Desço do carro com as duas sacolas de salgadinho nos braços, fecho a porta com a costa e travo. Sigo caminhando pelo estacionamento levemente escuro do meu prédio até o hall iluminado dos elevadores. Espero profundamente não encontrar ninguém no caminho, porque eu pareço mesmo muito idiota com essas duas sacolas na mão e a roupinha social de jornalista.
Aperto o botão para chamar o elevador e parece que, imediatamente após eu fazer isso, meu celular começa a tocar.
“Run, Run, Run” toca por um tempo ligeiramente longo enquanto eu arranjo uma forma de deixar as sacolas no chão e tirar o celular do meu bolso, as sacolas fazem um barulho plástico irritante.
– Oi, Chanyeol.
– Baekhyun, já chegou em casa?
– Acabei de chegar, já estou com tudo comprado. Agora é só esperar eles chegarem.

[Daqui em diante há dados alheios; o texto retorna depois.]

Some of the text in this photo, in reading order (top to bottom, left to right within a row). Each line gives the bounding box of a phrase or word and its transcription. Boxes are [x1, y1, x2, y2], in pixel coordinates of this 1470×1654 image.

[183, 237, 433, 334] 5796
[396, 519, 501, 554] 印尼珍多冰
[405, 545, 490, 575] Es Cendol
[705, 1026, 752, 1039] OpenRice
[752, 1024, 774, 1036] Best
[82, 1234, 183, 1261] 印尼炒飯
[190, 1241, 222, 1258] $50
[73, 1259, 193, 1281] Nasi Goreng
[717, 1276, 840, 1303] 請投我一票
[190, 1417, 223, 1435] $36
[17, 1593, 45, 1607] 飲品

– E aí você não vai mais atender nenhuma ligação minha?
– Não pretendo, pelo menos não enquanto sóbrio – rio, e então finalmente o elevador chega, e eu passo com as sacolas cheias pela porta que de repente parece pequena demais. – Talvez eu fale algumas besteiras depois.
– Que tipo de besteiras?
Encosto em uma das paredes do elevador, pensando nas histórias que já me contaram sobre um Baekhyun bêbado que eu nunca me lembro de ser: ligava para meus antigos parceiros e tinha crises de autoestima, de confiança, de segurança. Falava besteiras do tipo “minha cama está te esperando” ou “seu pai é padeiro?” e eu continuava com mais cantadas bestas que eu, em meu estado de torpor, achava muito galantes.
Também me lembro de minha mãe dizer que eu já liguei para ela e pedi para ela me “tirar do alto” algumas vezes. Não gosto desse aspecto.

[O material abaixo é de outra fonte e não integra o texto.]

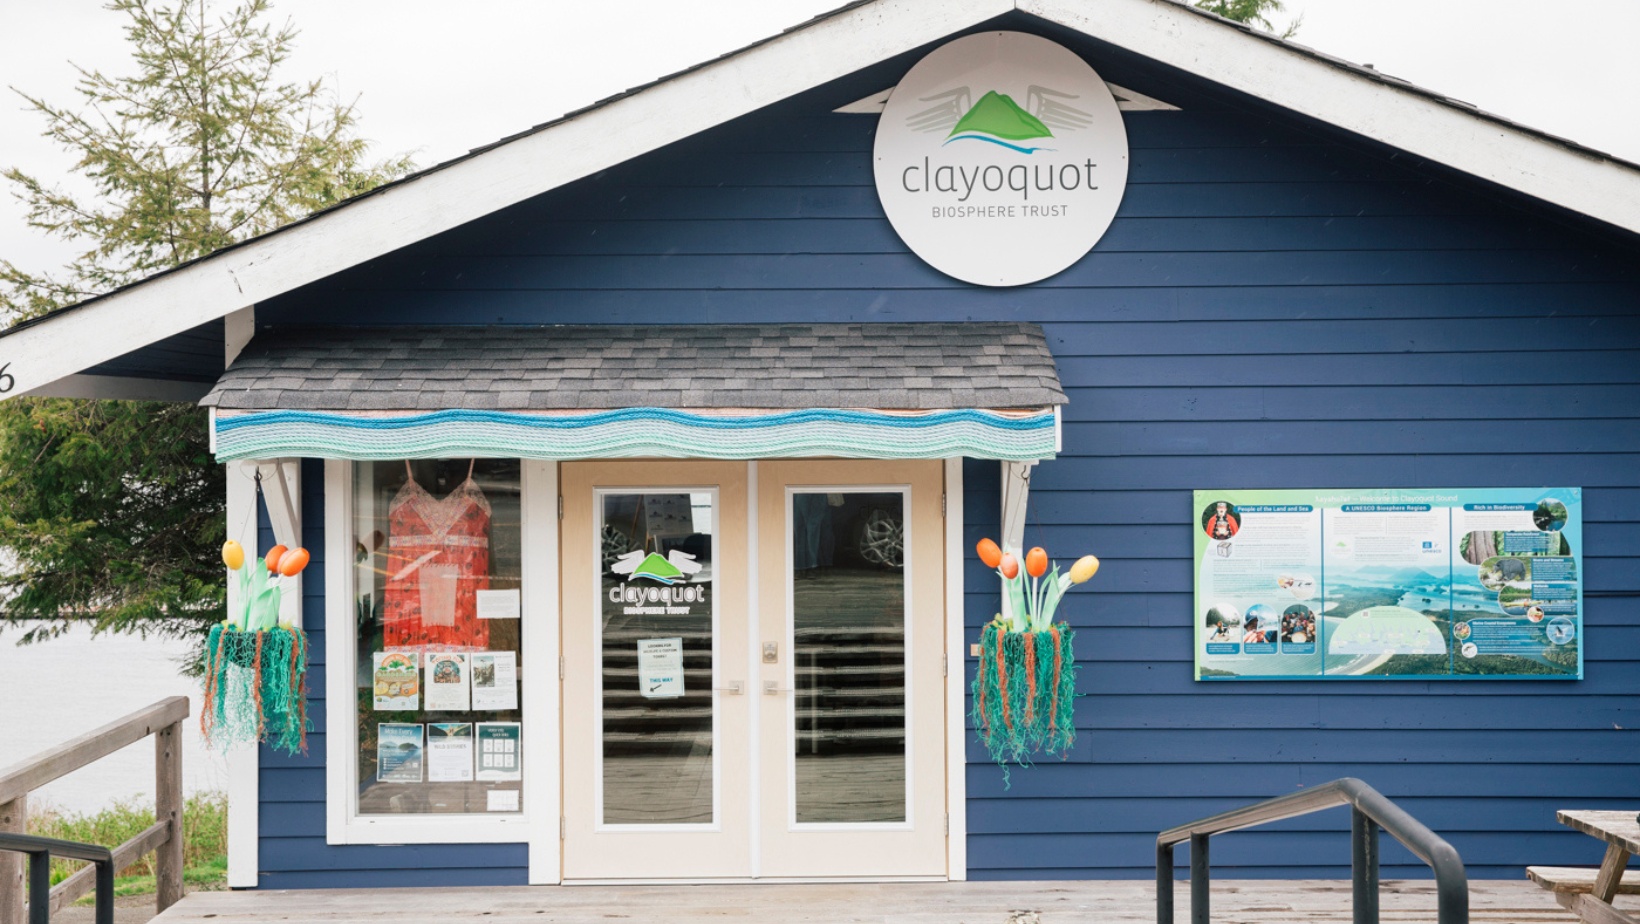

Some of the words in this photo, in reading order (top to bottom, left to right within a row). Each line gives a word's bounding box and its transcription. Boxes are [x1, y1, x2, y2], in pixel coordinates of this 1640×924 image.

[902, 156, 1099, 202] clayoquot
[932, 206, 1016, 218] BIOSPHERE
[1021, 205, 1068, 217] TRUST
[0, 361, 15, 393] 6
[1400, 495, 1434, 503] Clayoquot
[1435, 494, 1458, 502] Sound
[608, 582, 705, 607] clayoquot
[623, 606, 665, 615] BIOSPHERE
[666, 606, 691, 615] TRUST
[399, 728, 413, 736] Every

– Bom, você não iria querer saber.
– Entendi. – Uma pausa se segue, o que sugere que ele também esteja pensando nas bostas que eu falo quando bêbado. Mas vou ter que deixar sua imaginação correr solta. – Então, o que eu posso dizer agora é o básico. Divirta-se, converse com seus amigos, não faça besteiras, não brinque com fogo. E, principalmente, não beba demais, Bernstein.

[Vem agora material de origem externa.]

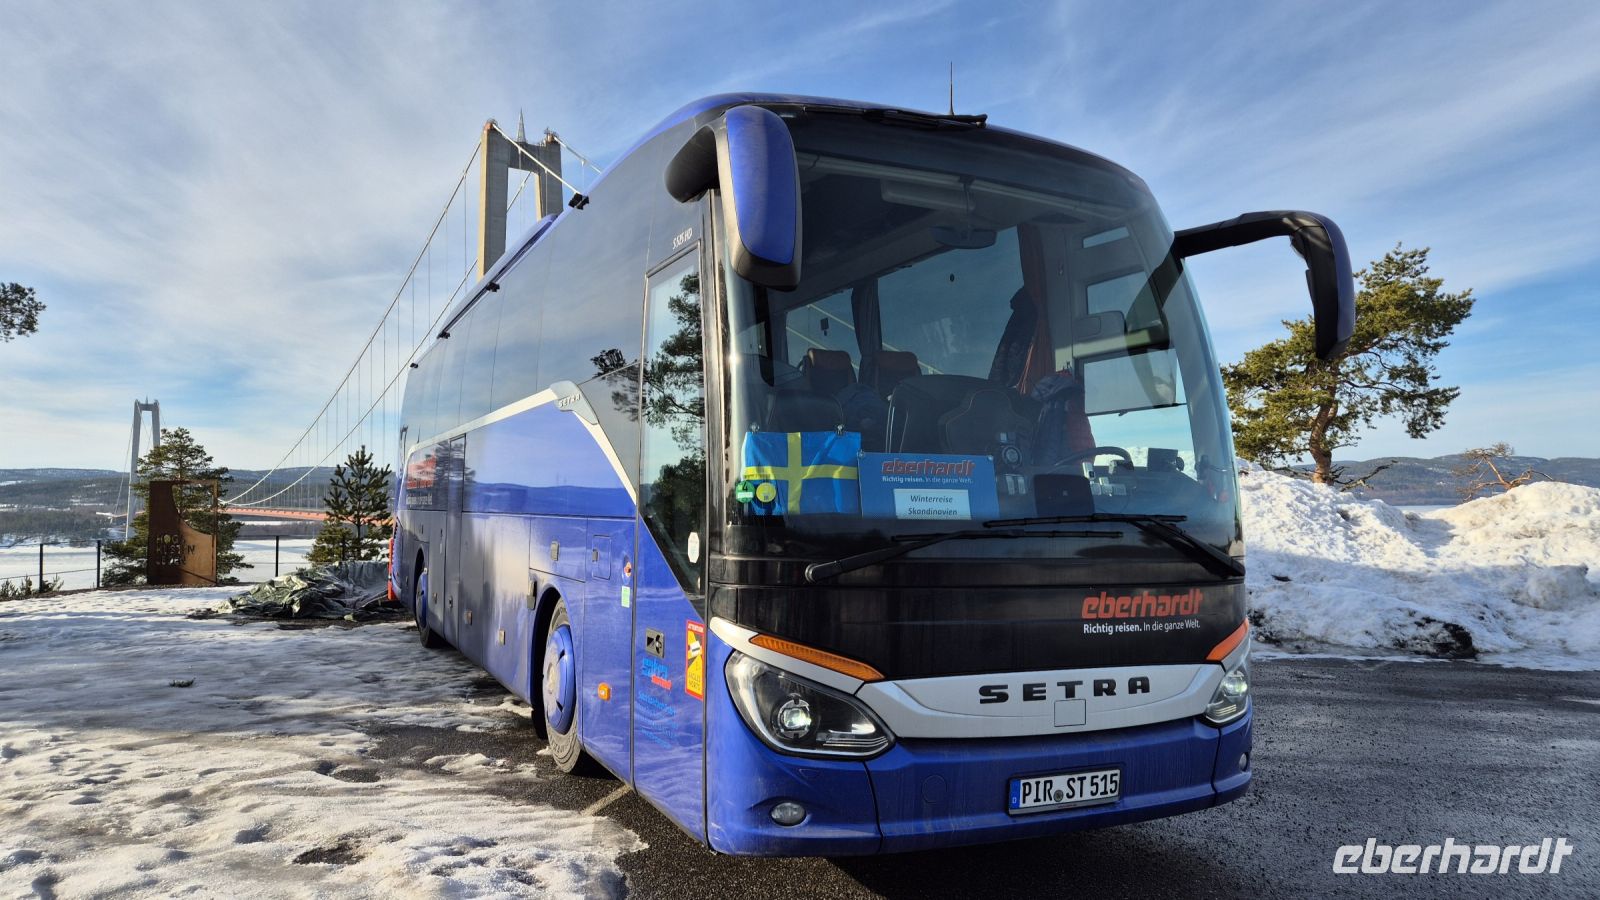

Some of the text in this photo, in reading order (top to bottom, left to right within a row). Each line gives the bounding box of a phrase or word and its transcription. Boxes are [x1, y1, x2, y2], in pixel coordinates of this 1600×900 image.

[881, 458, 976, 476] eberhardt
[882, 476, 904, 484] Richtig
[910, 495, 953, 503] Winterreise
[908, 507, 958, 516] Skandinavien
[1081, 588, 1204, 619] eberhardt
[1083, 619, 1201, 635] Richtig reisen. In die ganze Welt.
[978, 676, 1150, 704] SETRA
[1021, 773, 1118, 804] PIR ST 515
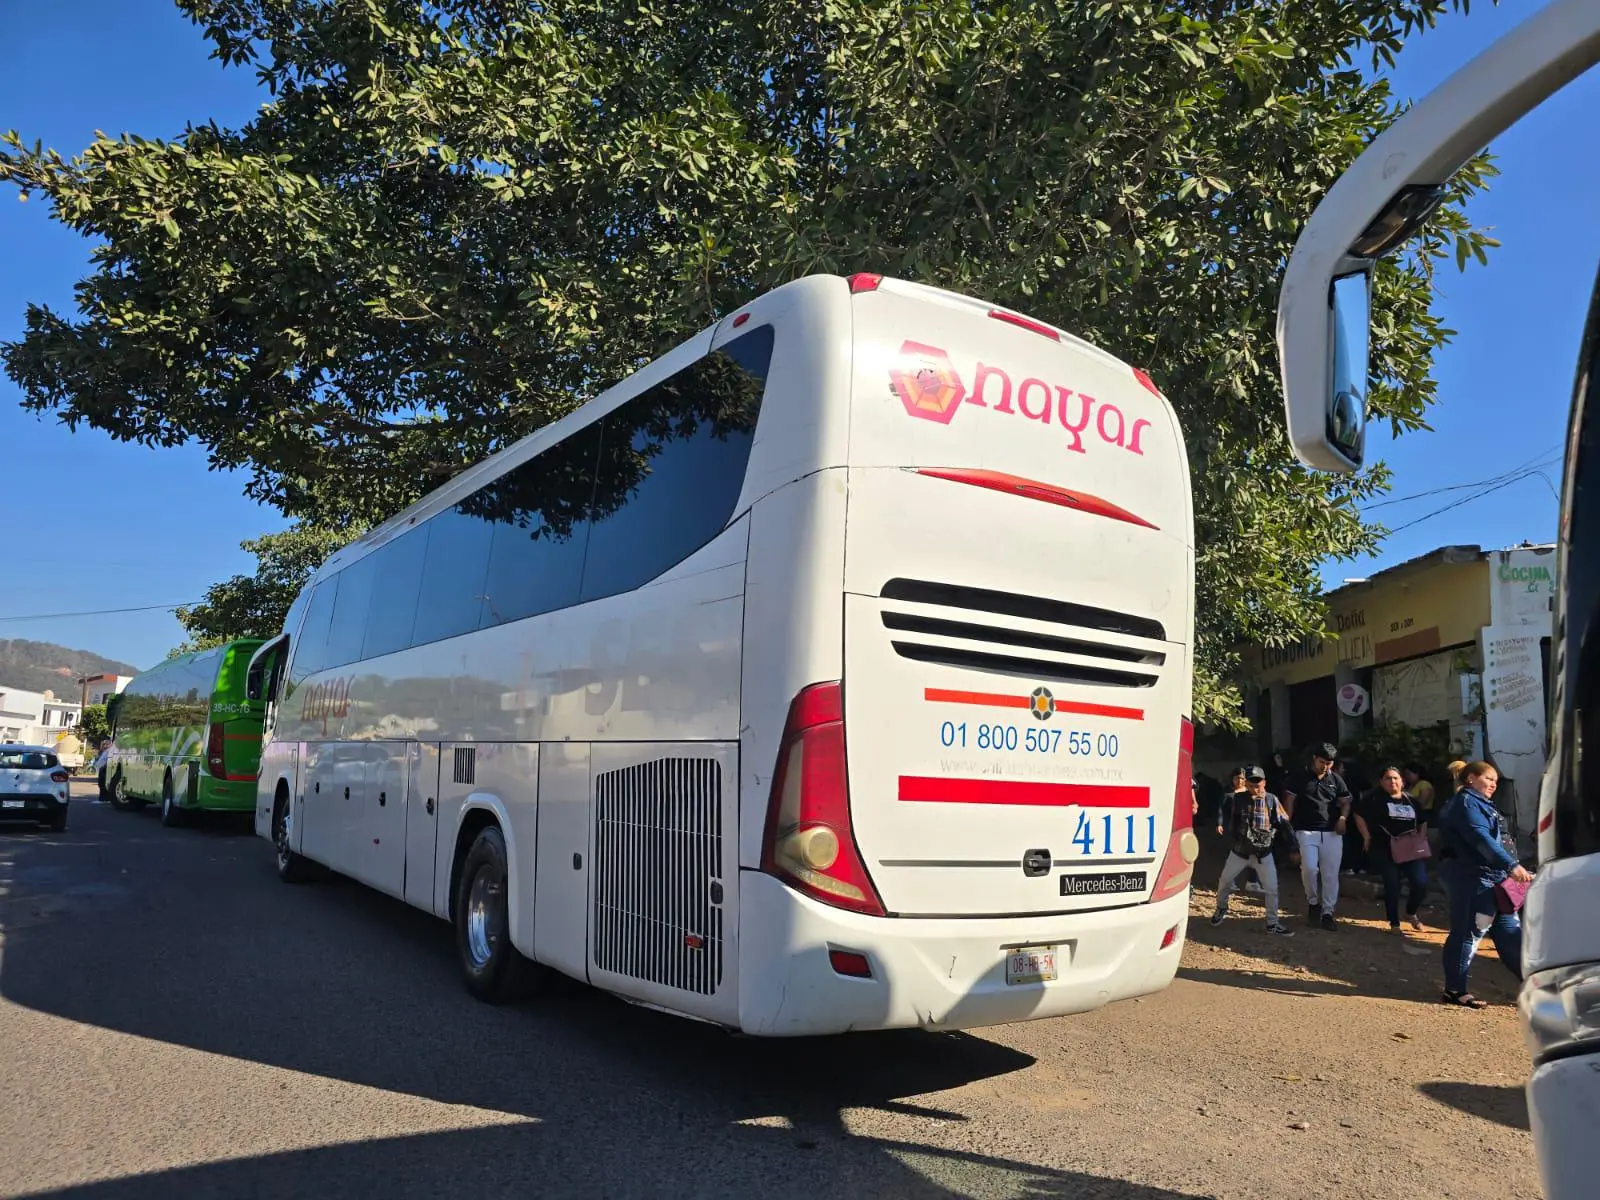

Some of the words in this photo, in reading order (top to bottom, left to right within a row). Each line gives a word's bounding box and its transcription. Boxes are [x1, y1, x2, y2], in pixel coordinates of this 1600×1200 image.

[940, 721, 968, 747] 01
[977, 724, 1018, 751] 800
[1025, 728, 1062, 753] 507
[1069, 731, 1092, 756] 55
[1097, 734, 1119, 758] 00
[1071, 810, 1157, 855] 4111
[1064, 874, 1144, 895] Mercedes-Benz

Ele fala as ultimas palavras pontuando cada sílaba, como se realmente quisesse que eu memorizasse a ordem. Não é nisso que eu realmente foco, no entanto, mas sim no nome que me chamou no final da frase. Eu solto o riso, e a linha continua muda. É até fácil imaginar ele mordendo o lábio inferior, segurando a risada, esperando uma reação minha.
– Pode deixar, Woodward – acabo por dizer.
Uma leve risada então soa na linha, e eu acabo por rir junto. Imagino que, por ser um homem tão intelectual, com tantos livros nas estantes das livrarias, ele tenha visto o filme por puro interesse, ou até mesmo pesquisado sobre o caso de Watergate. Já eu, pesquisei e li sobre porque realmente precisava caso quisesse merecer o titulo de jornalista.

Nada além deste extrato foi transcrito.